Spatial localization data:
━━━━━━━━━━━━━━━━━━━━━━━━━━━━━━

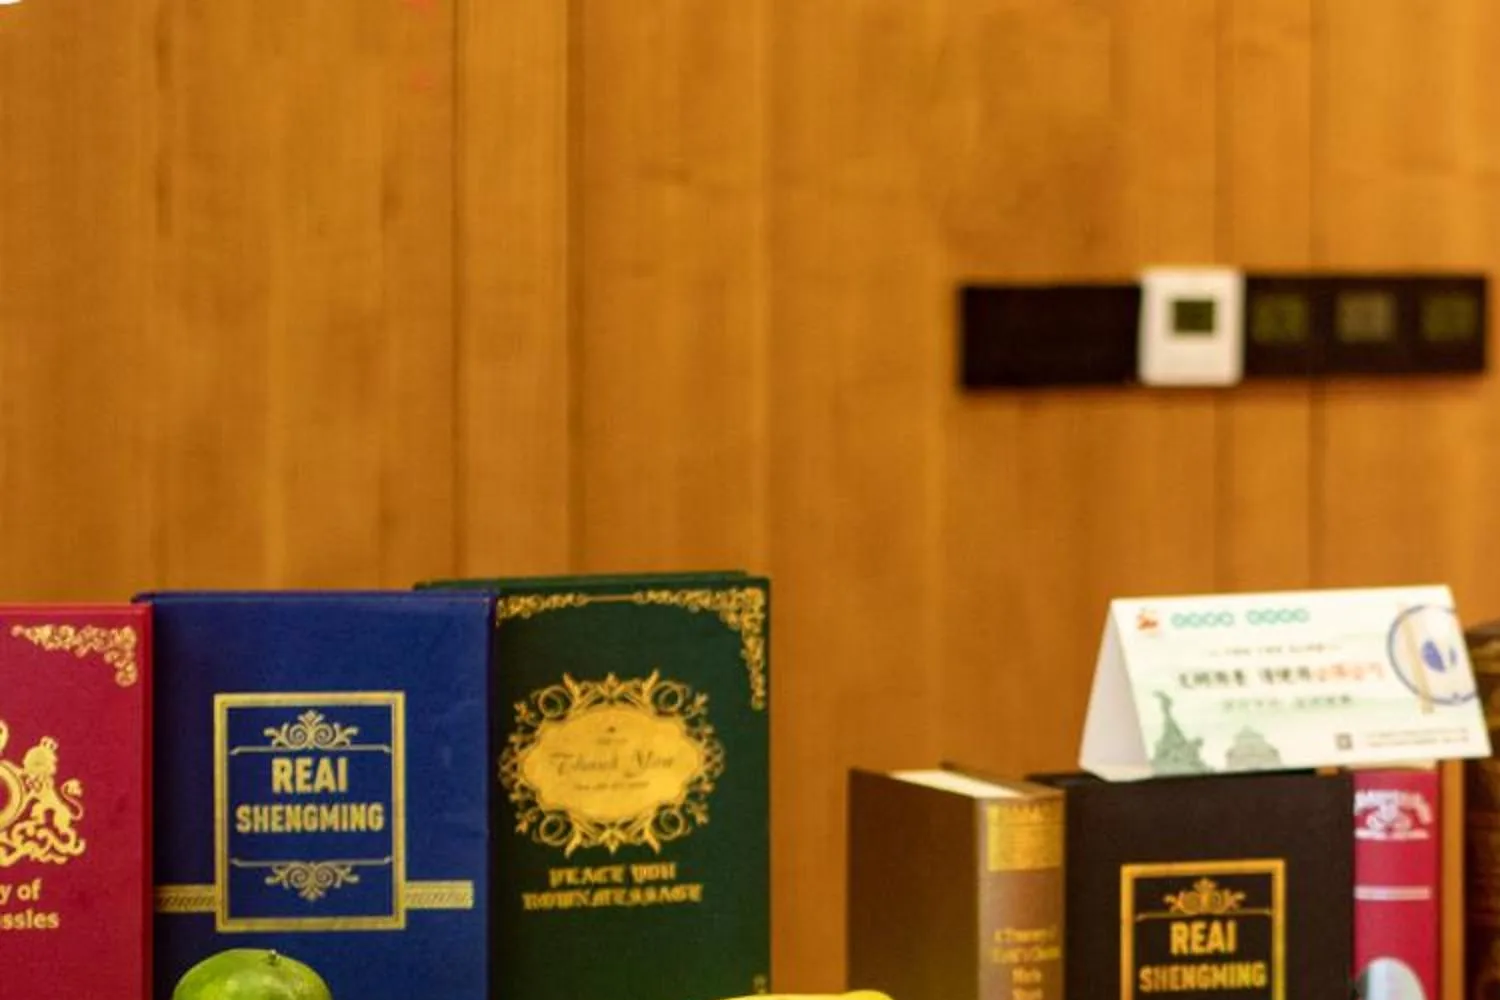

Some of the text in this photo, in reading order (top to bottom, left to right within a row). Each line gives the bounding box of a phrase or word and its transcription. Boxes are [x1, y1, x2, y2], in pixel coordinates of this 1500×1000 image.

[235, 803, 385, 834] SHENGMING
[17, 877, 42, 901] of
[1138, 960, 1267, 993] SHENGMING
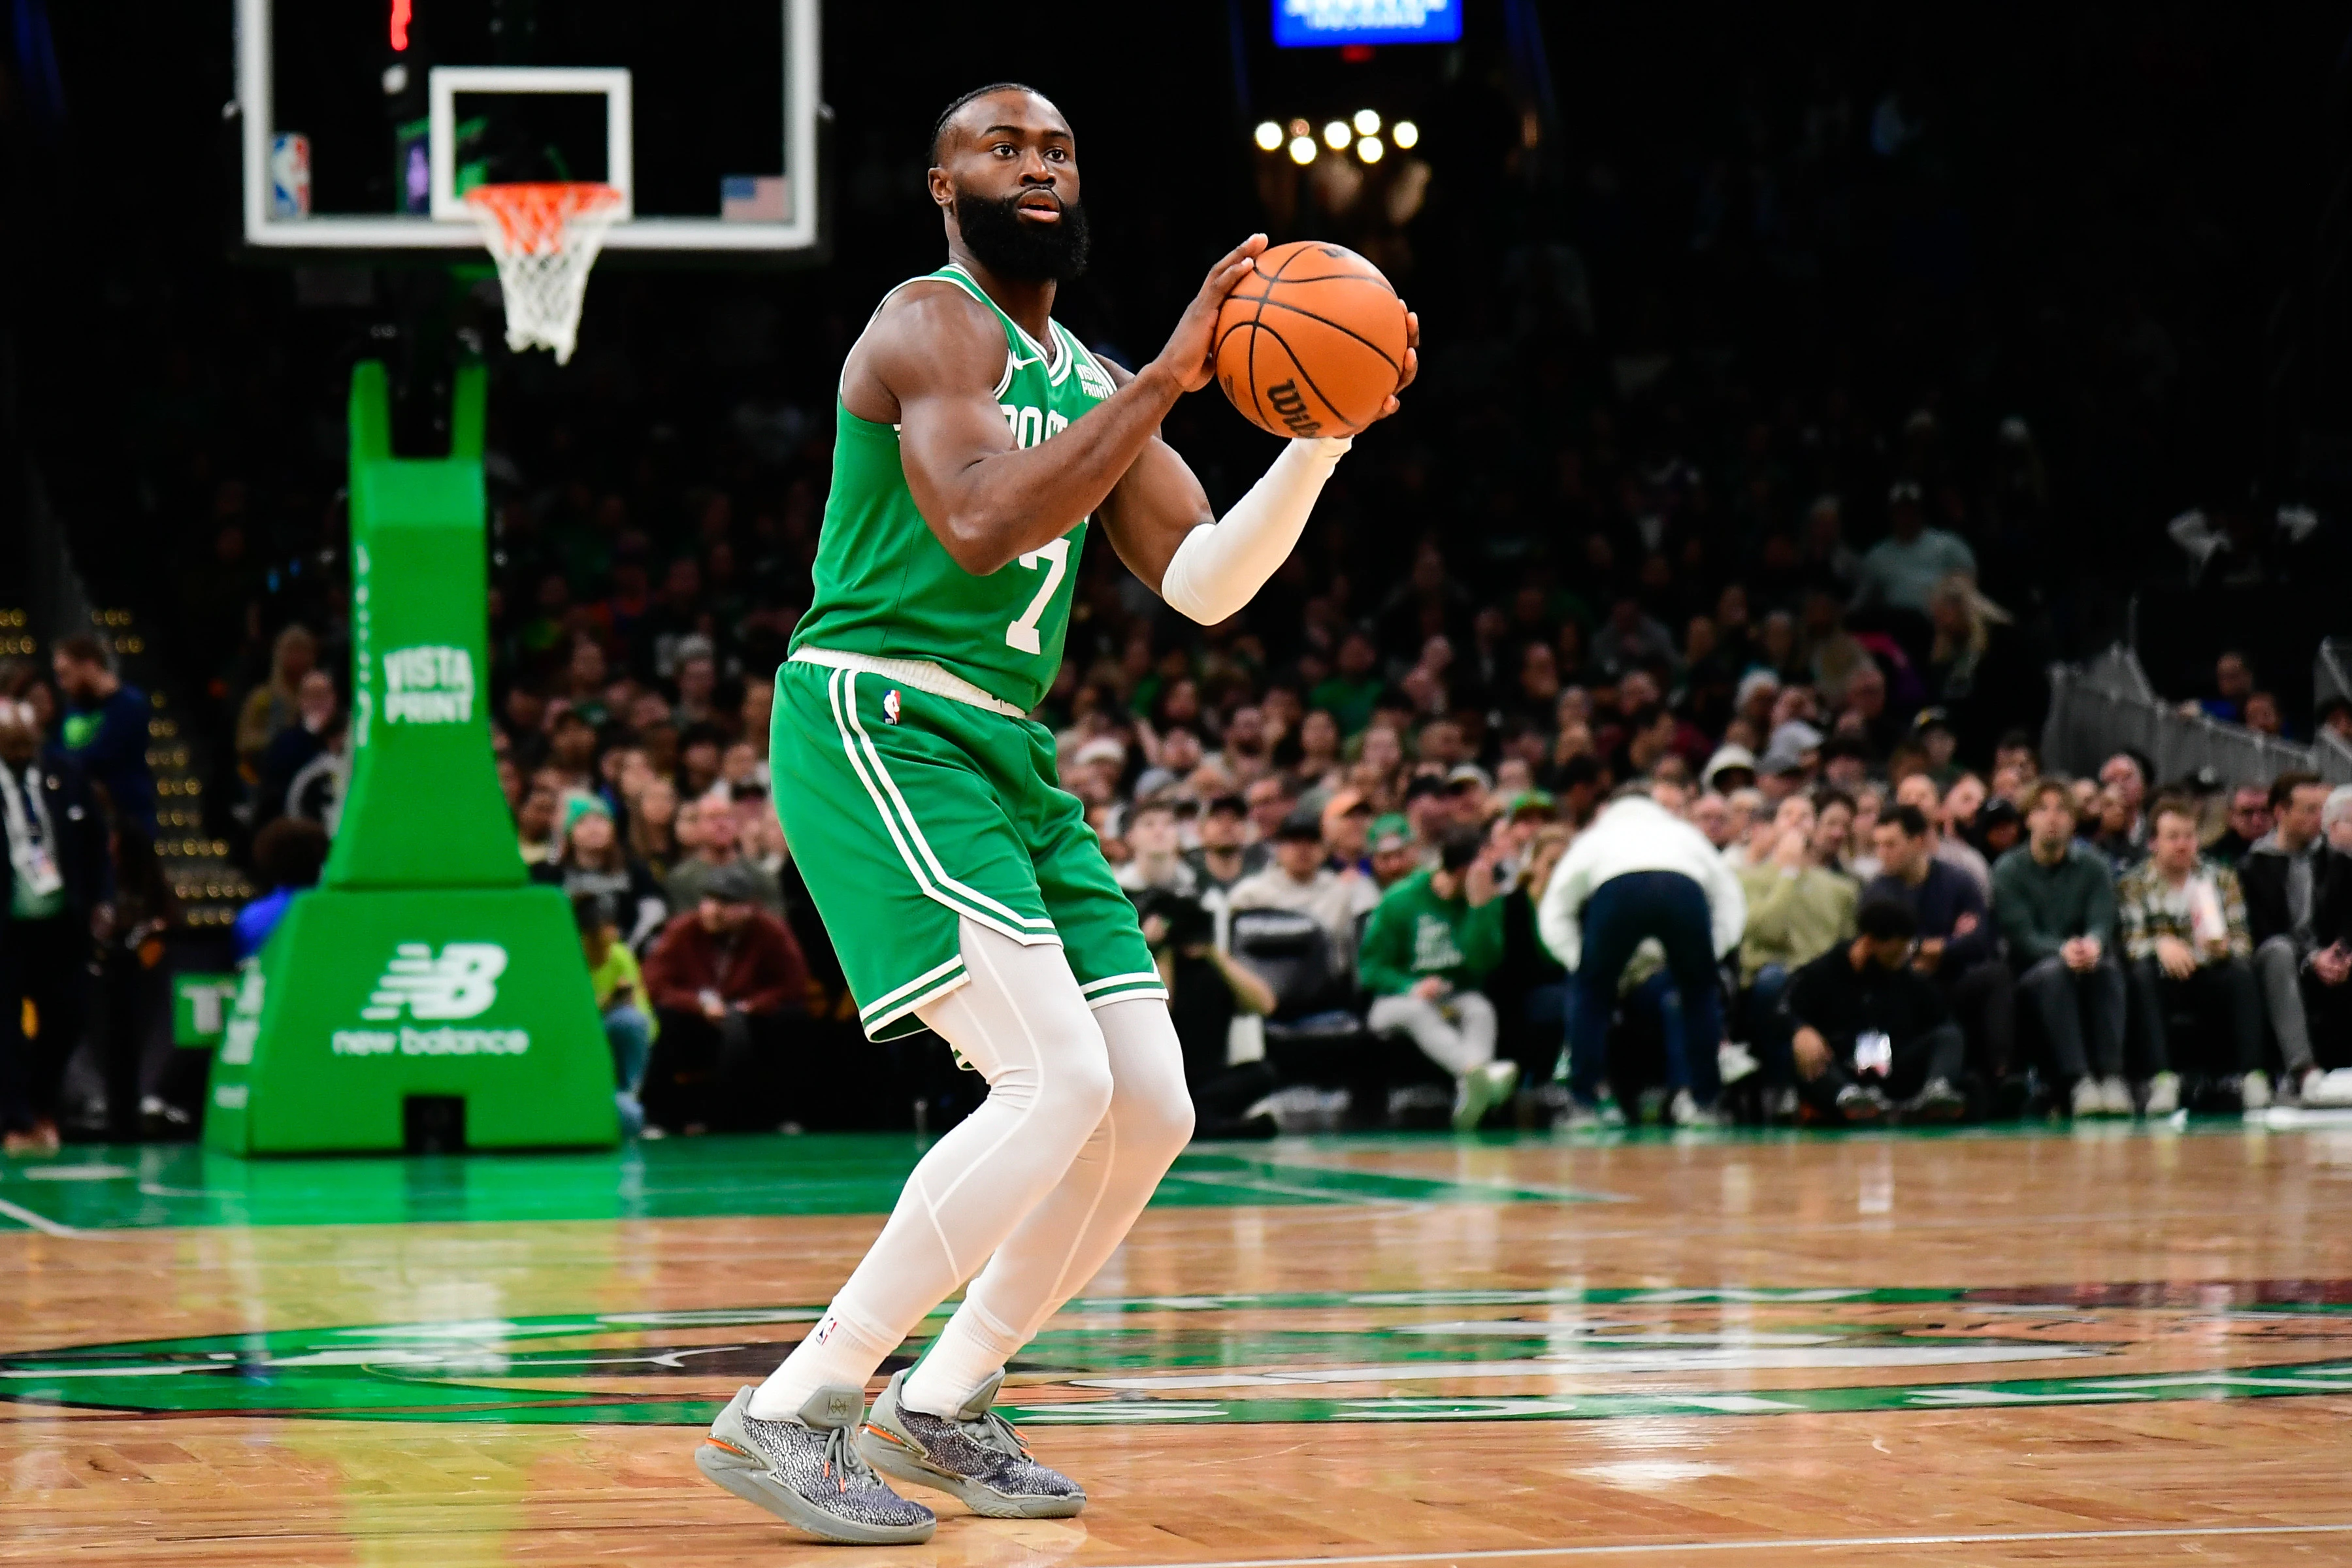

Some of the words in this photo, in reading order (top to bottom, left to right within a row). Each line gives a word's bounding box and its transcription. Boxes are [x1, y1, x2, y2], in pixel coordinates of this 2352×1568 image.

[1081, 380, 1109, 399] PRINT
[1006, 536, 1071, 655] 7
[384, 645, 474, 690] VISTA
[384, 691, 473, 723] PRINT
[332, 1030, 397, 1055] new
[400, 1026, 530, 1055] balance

━━━━━━━━━━━━━━━━━━━━━━━━━━━━━━

→ **EXERCISE DESCRIPTION**
Return every line shown above without changing a word, and skip the pictures.

→ **YOUR RESPONSE**
Some of the text in this photo, in reading order (top to bottom, left to right within a row). Each line gives the bounding box of a phrase or word and its transcription. Boxes are [x1, y1, x2, y2], in pixel coordinates of this 1500×1000 image.

[235, 803, 385, 834] SHENGMING
[17, 877, 42, 901] of
[1138, 960, 1267, 993] SHENGMING

Some of the words in this photo, in reading order (top to bottom, left to right within a row). Each line gives a word's bounding box and its transcription. Boxes are [x1, y1, x2, y2], in pixel coordinates of this 2352×1568 image.

[1081, 380, 1109, 399] PRINT
[1006, 536, 1071, 655] 7
[384, 645, 474, 690] VISTA
[384, 691, 473, 723] PRINT
[332, 1030, 397, 1055] new
[400, 1026, 530, 1055] balance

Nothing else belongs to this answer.